Type out the data exactly as given. Skip any image.

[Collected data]
• • • • •
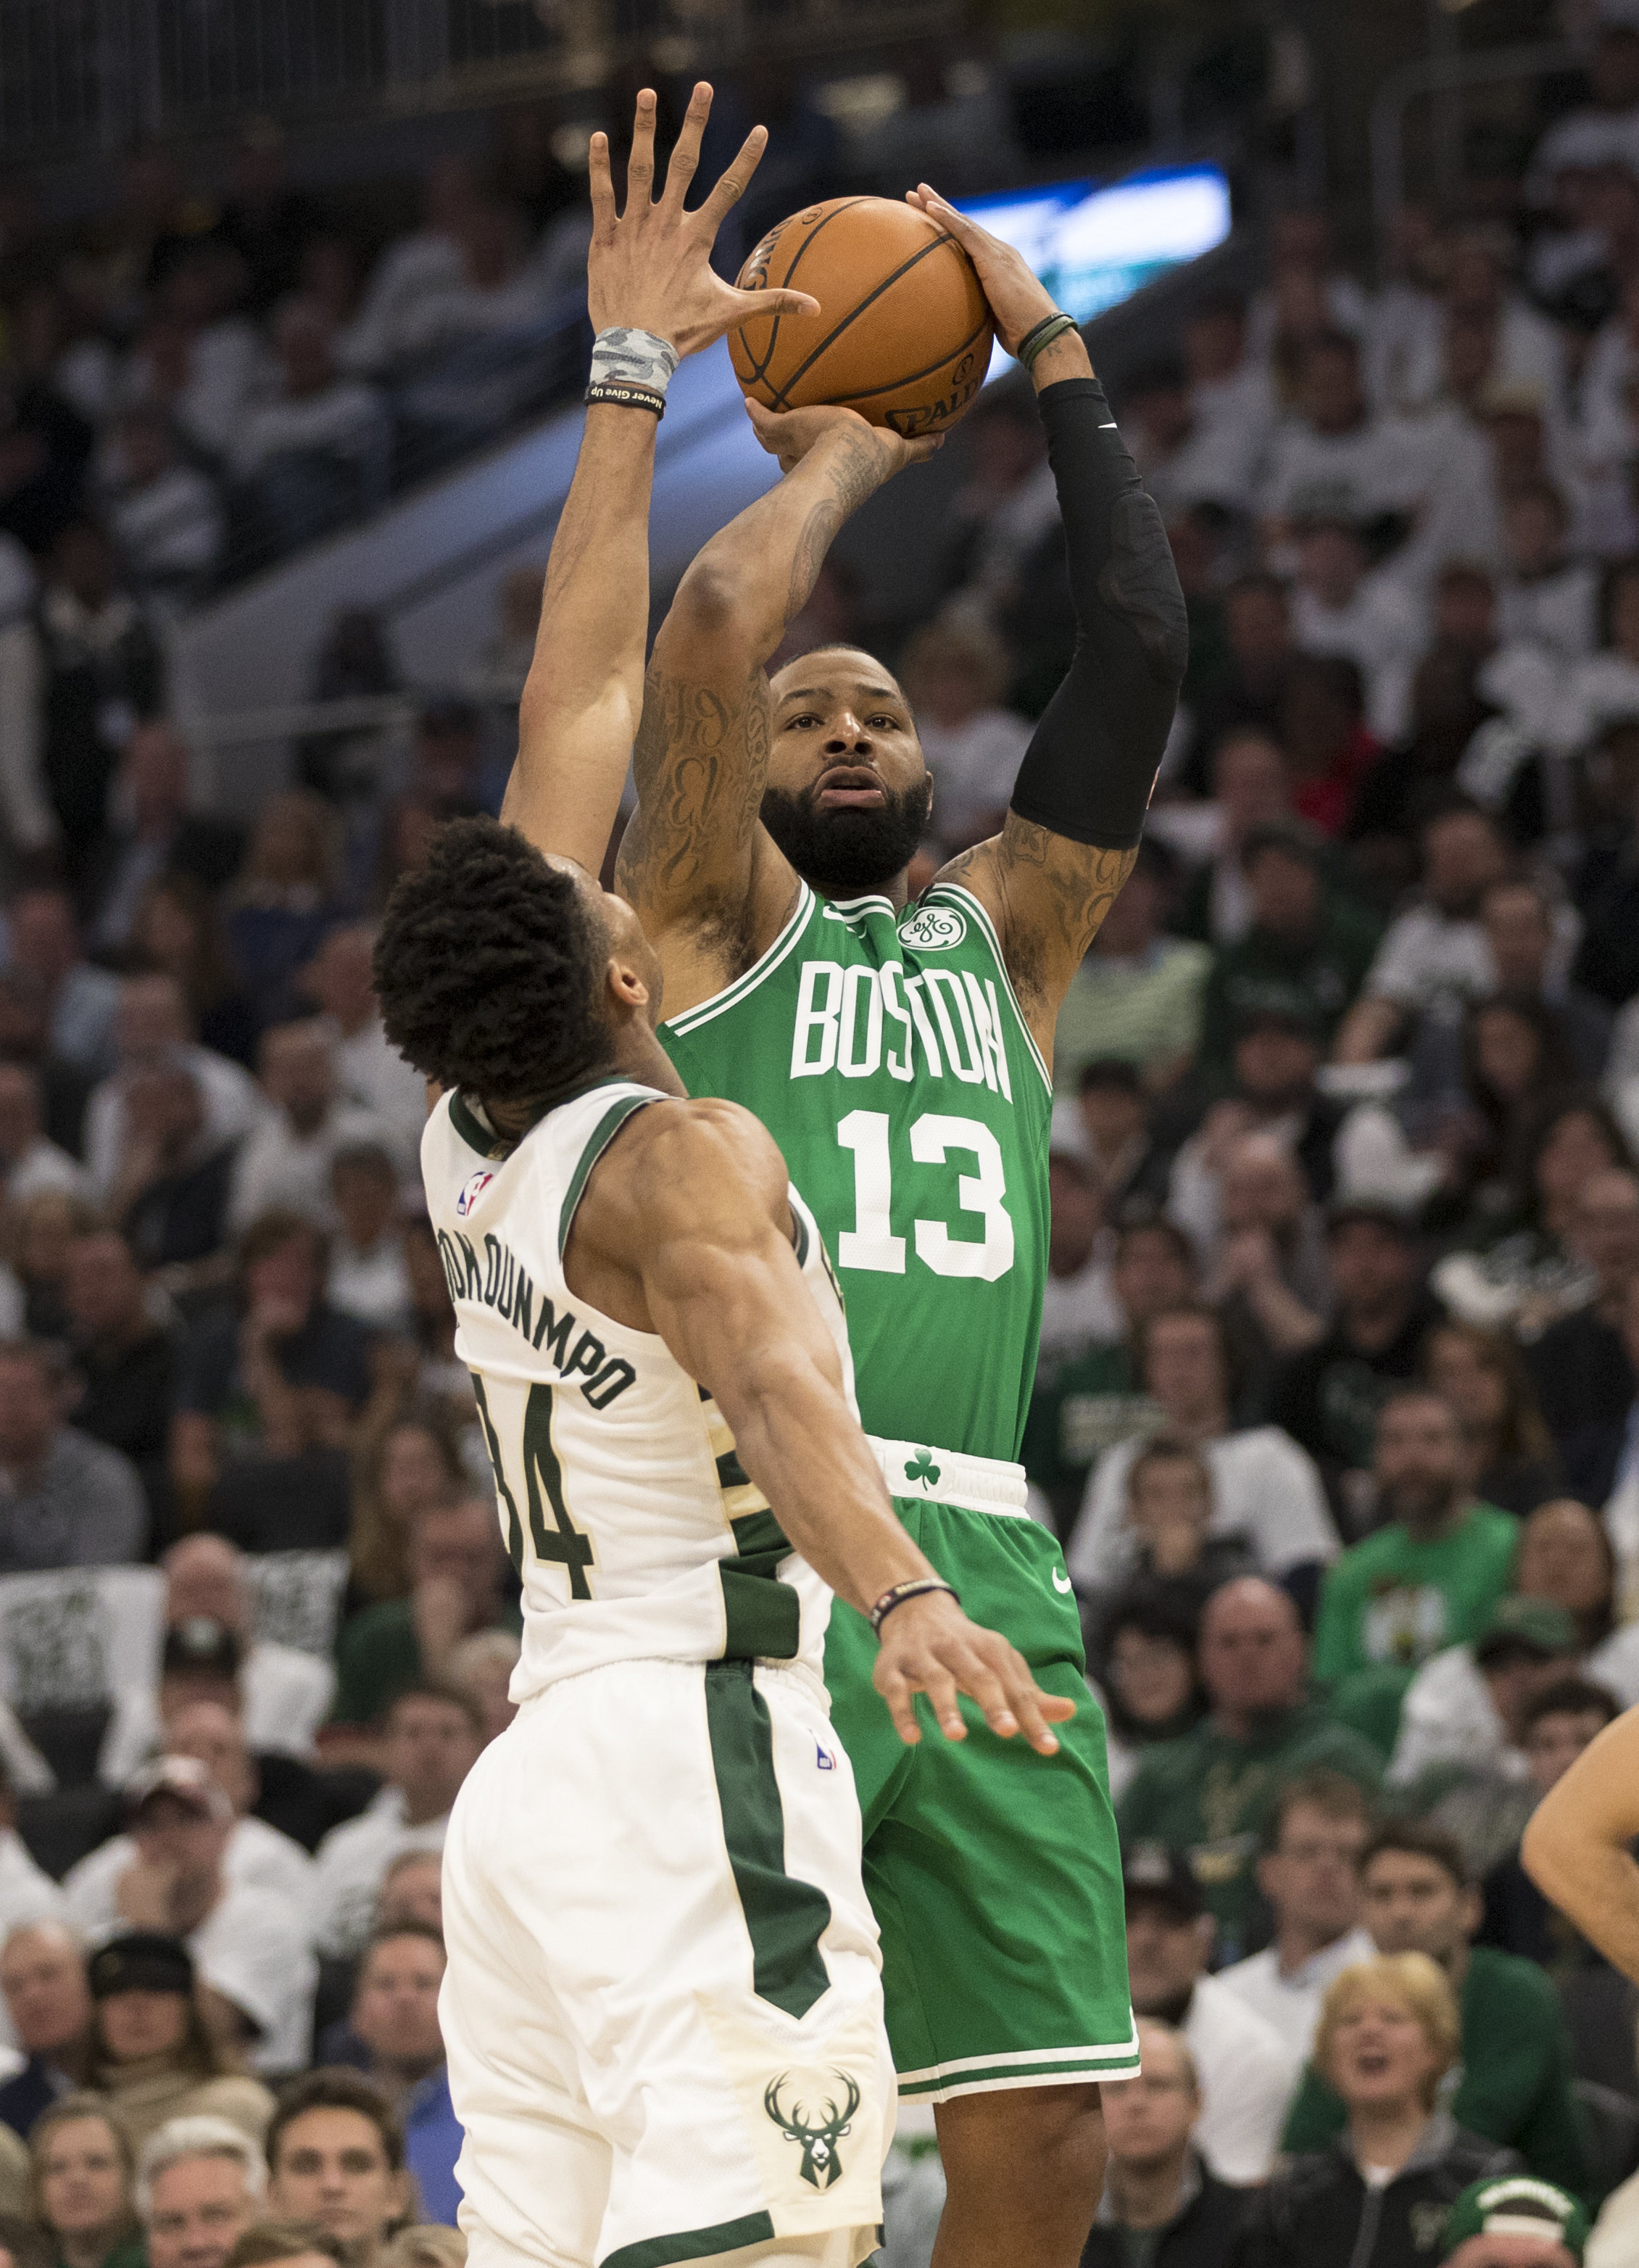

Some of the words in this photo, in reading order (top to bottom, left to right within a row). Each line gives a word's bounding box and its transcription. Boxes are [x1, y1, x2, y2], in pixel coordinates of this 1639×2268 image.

[591, 386, 603, 397] Up
[605, 389, 631, 399] Give
[632, 392, 663, 409] Never
[789, 960, 1013, 1105] BOSTON
[837, 1109, 1015, 1283] 13
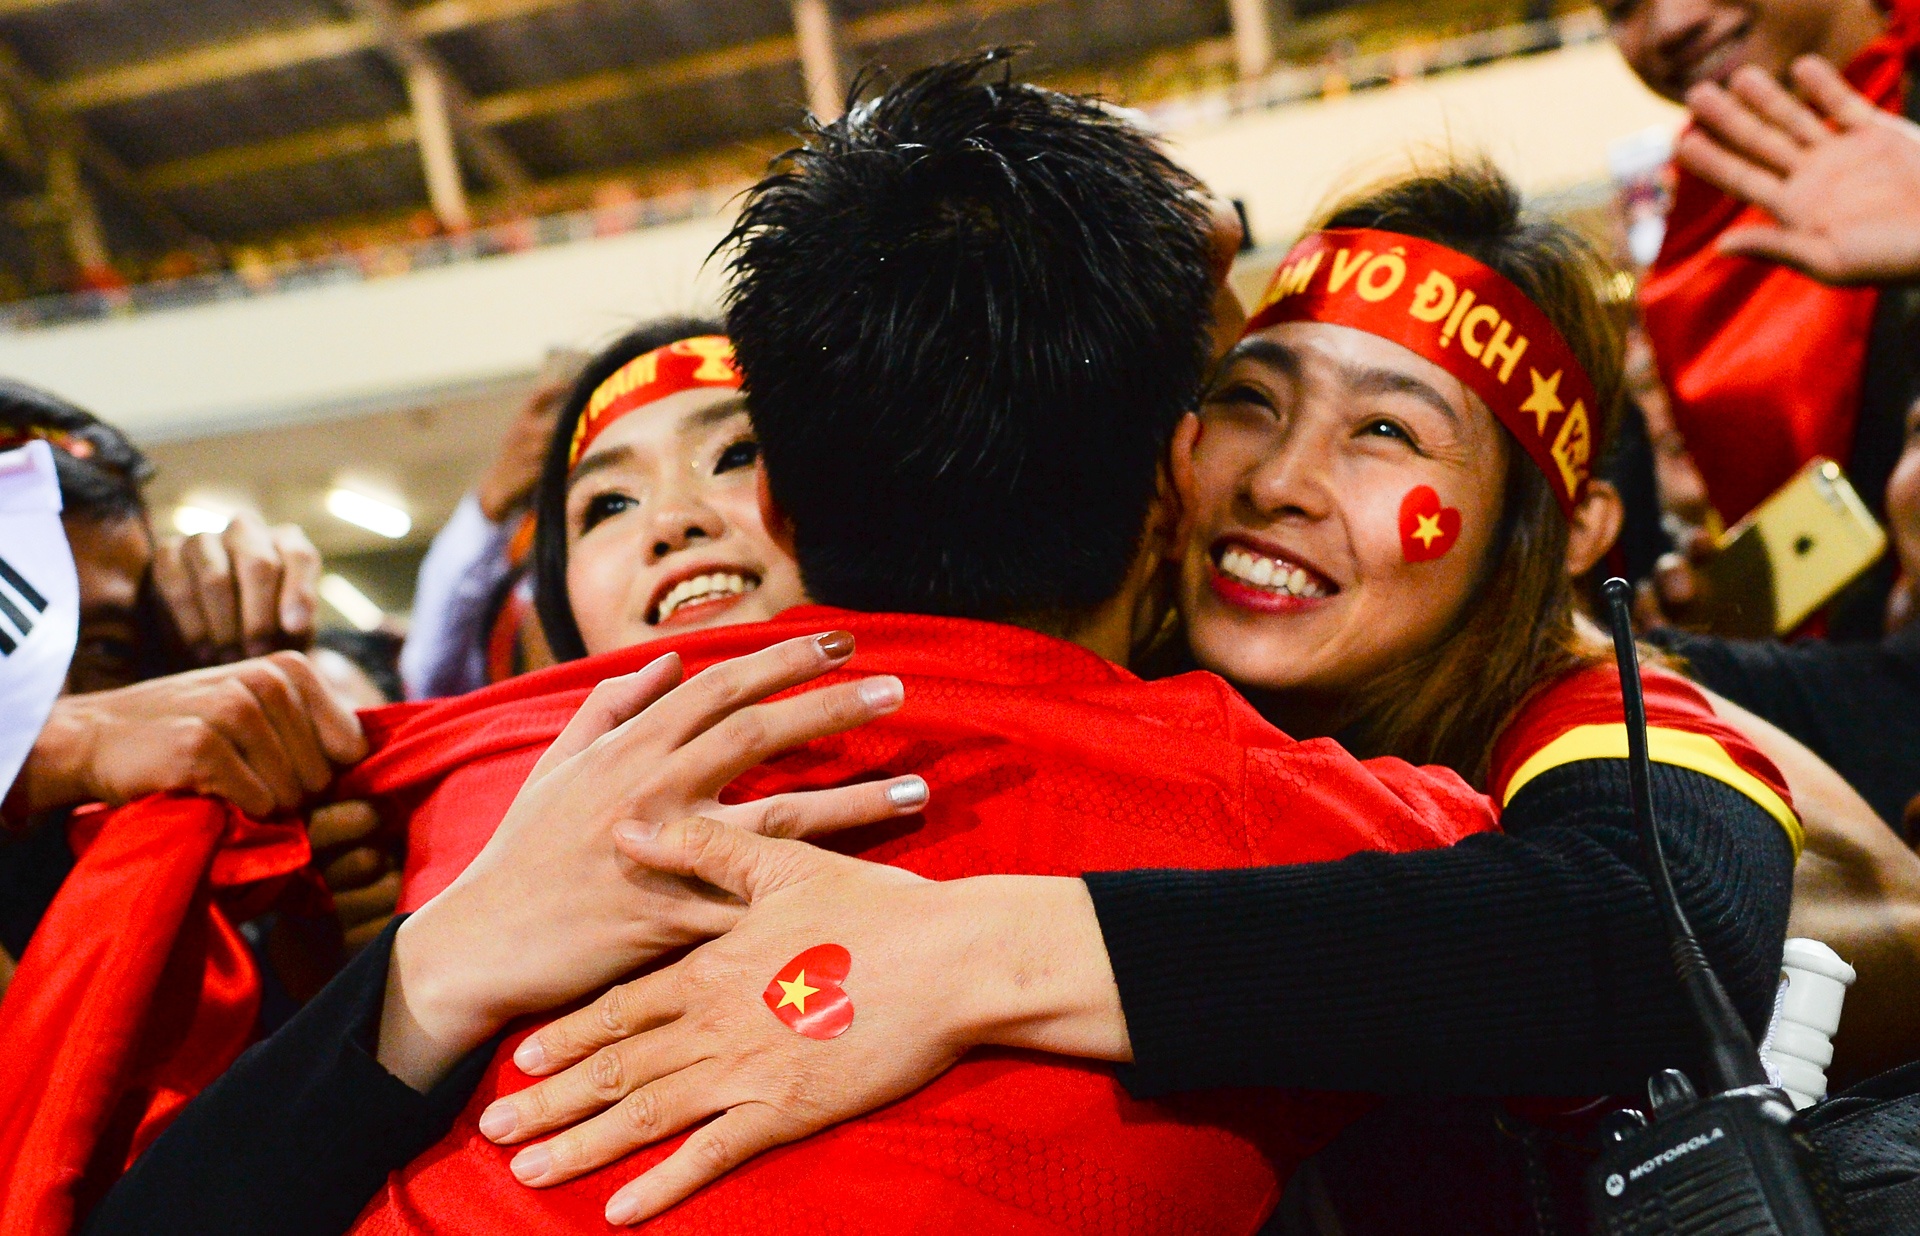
• • • • •
Result below:
Some of the words in this photo, in reading order (top to bottom, left to right within a row). Each line gives a word's bounding box and its transcription. Boxes are [x1, y1, x2, y2], in pixel coordinates of this 1639×2268 image.

[591, 386, 603, 397] Up
[605, 389, 631, 399] Give
[632, 392, 663, 409] Never
[789, 960, 1013, 1105] BOSTON
[837, 1109, 1015, 1283] 13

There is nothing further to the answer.